When we were recruiting him, we’d talk to his high school coach and he’d say, ‘Oh man, he can really shoot. He’ll fit in great.’ I [also] like his ability to drive, he posts up and he slashes, and he can guard [bigger guys]. I saw him in an AAU game guarding a 6’10 guy and being able to push him around. He’s just so physical. So I never looked at him as this great shooter, but I’m not complaining. I’ll take it.
How beneficial was Hargrave for Newsome in terms of competition and development?
Huge. The coach at Hargrave was keeping us updated daily on him. He was talking about how much he developed. He developed the physical maturity, but I sensed in the past year how much more emotionally mature he became also. He’s in a position to lead and he’s very, very confident. The experience at Hargrave he gained from the competition he was getting, and a year more of maturity lends itself to him playing right away. I expect him to compete immediately for minutes. If he doesn’t, it’s going to be because our other guys have improved that much. If he can stay healthy and adapt to what we do from a skill-set standpoint, my expectations are that he plays.
Talk about Newsome’s game and what he brings to the table.
He knows exactly what he does and he does it very well. He’s going to post you up deep. He doesn’t wow you with a million moves, but he’s quick on his feet. Being left-handed makes it a little awkward for the defense. With that being said, he’s still a freshman. But of all the kids that we’ve recruited that are 6-9 or bigger -- probably six or seven guys in that range -- he has come more ready to play from a low-post scoring standpoint than anybody else. He’s got a good pedigree for scoring the basketball.
Which of these freshmen will you expect to contribute immediately?
I think just by what we’ve lost in Adam and Clif, which were the forward positions, Troy’s got a chance to contribute right away. You just look at what you need. With that being said, I’m trying to remain cautiously optimistic. I just feel that this class, talent-wise, all of them are going to be able to push for minutes. It would not shock me if four of these guys are playing a lot. What I enjoy is that it’s not like we have to count [on them for sure]. Five years ago, with Teague and Colbert, those guys were going to play for better or for worse. With this group, I feel like they’re going to compete and push guys to play, and it’s going to strengthen our basketball team.
Last year you lost Greg Sprink but still posted Navy’s best record in 10 years. Now you’re losing Kina, Teague, Colbert and Richards. So will this recruiting class help make up for that lost production?
I remember talking about this last year and I didn’t know how to answer. Kina’s a great scorer, but you’re talking about Greg Sprink who had [multiple] 35-plus point games during his senior year. I think what this group has going for us is that you ask who’s most ready to play, and I really have a hard time answering. And that’s a good thing because I think they all can. I think this group has an opportunity to be the deepest group we’ve had. I think we have an opportunity to make up for the production we lost.
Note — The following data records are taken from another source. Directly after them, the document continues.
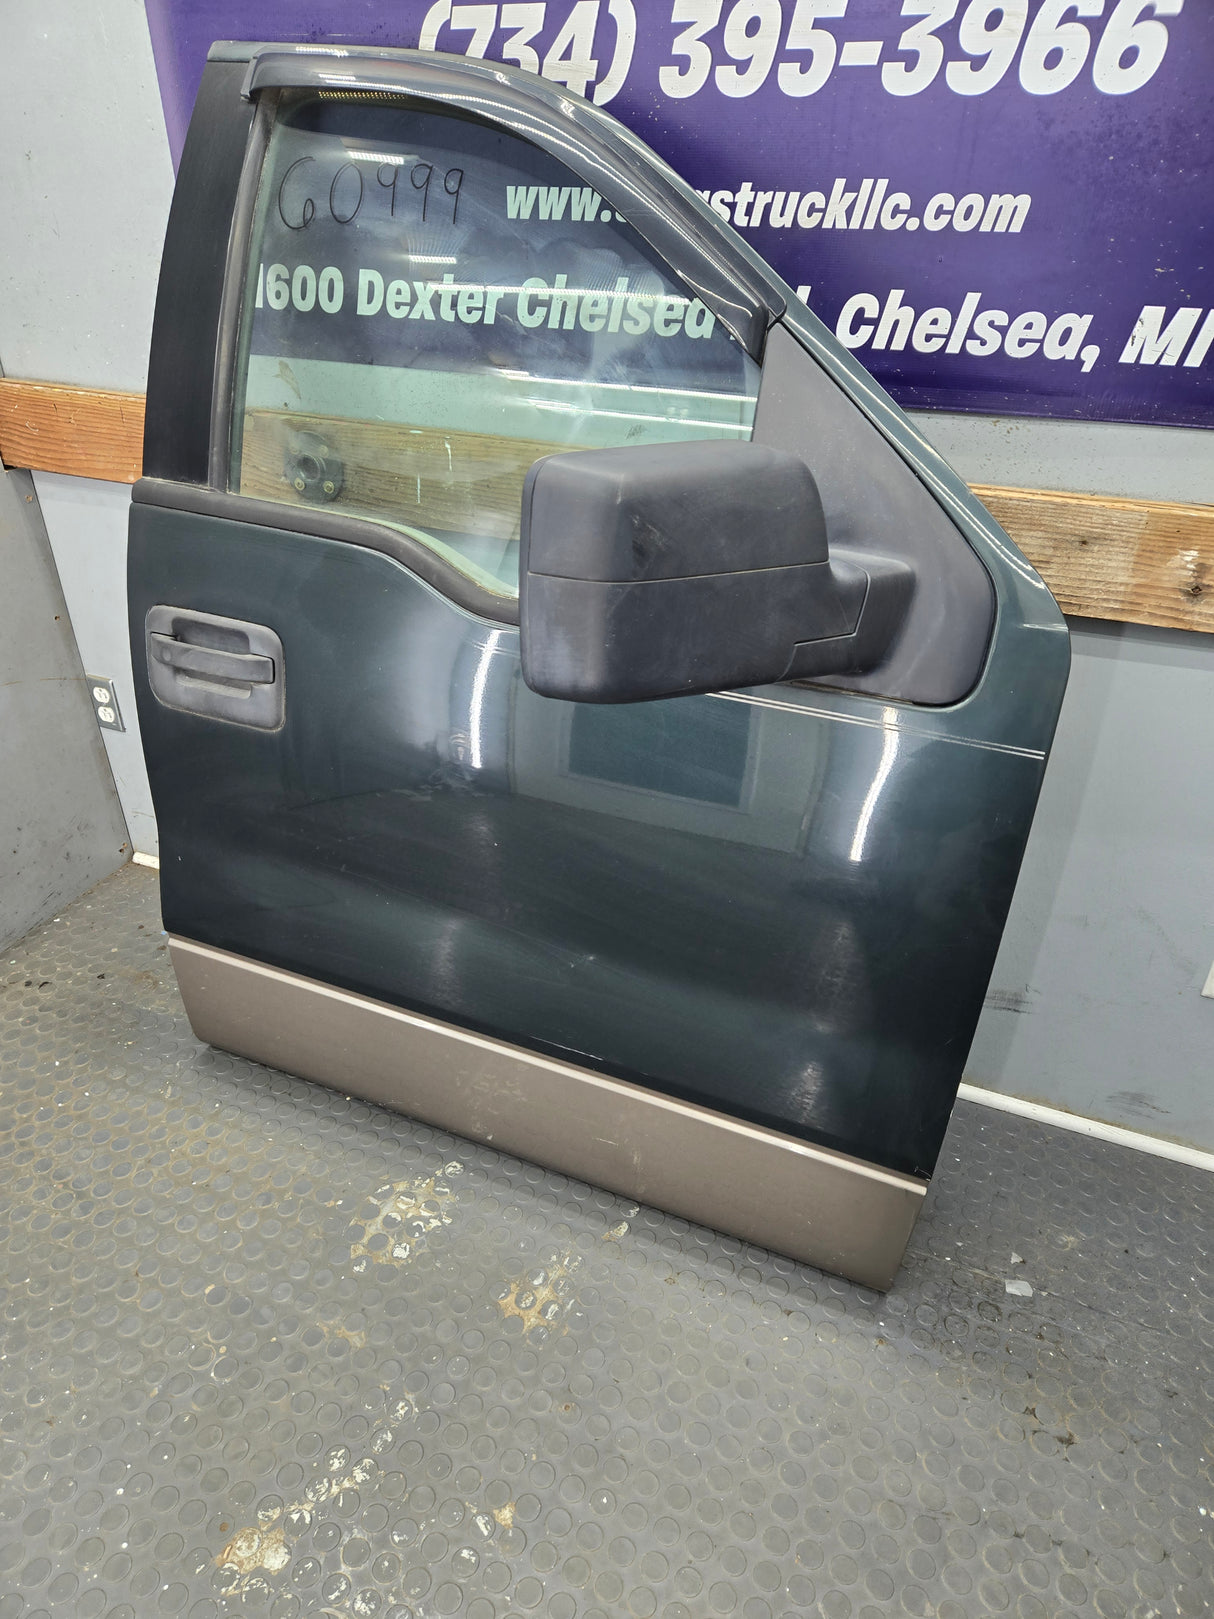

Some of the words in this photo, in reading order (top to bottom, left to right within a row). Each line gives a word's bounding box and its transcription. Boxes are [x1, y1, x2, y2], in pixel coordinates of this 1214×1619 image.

[658, 0, 1183, 98] 395-3966
[279, 156, 464, 230] 60999
[356, 269, 504, 325] Dexter
[515, 274, 716, 340] Chelsea
[835, 289, 1101, 373] Chelsea,
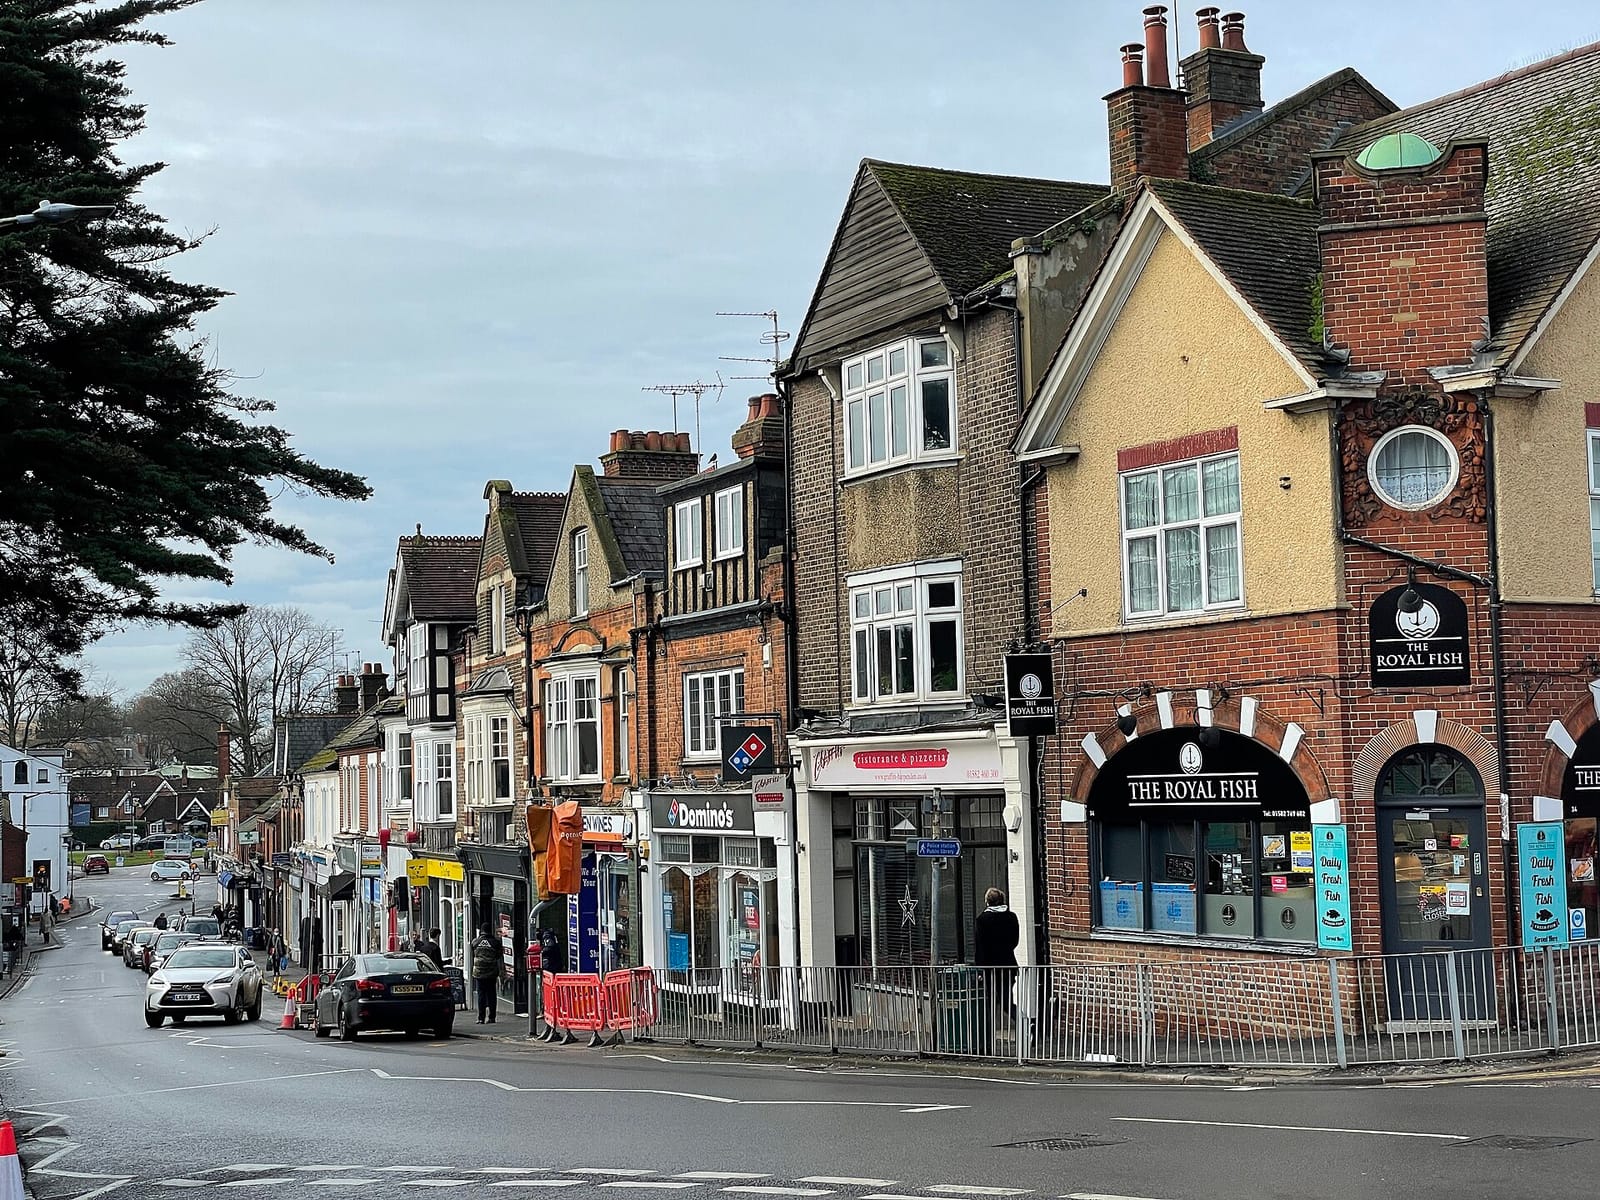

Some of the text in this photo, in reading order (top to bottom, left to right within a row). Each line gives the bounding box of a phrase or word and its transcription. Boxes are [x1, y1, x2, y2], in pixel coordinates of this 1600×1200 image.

We can play big, we can play small. We’re very quick and versatile. [It will be] more than maybe one guy stepping in and getting Kina’s 20 points per game. Their versatility mixed with the guys we have coming back, I think we’ll be able to make up some of what we lost. Is it going to be all of it? It’s tough to put that on freshmen with so many seniors graduating. But I’m very confident in these guys. I’m just confident that they’re going to push for playing time. To me, I think it makes us deeper and gives us more options. That’s the way I look at it.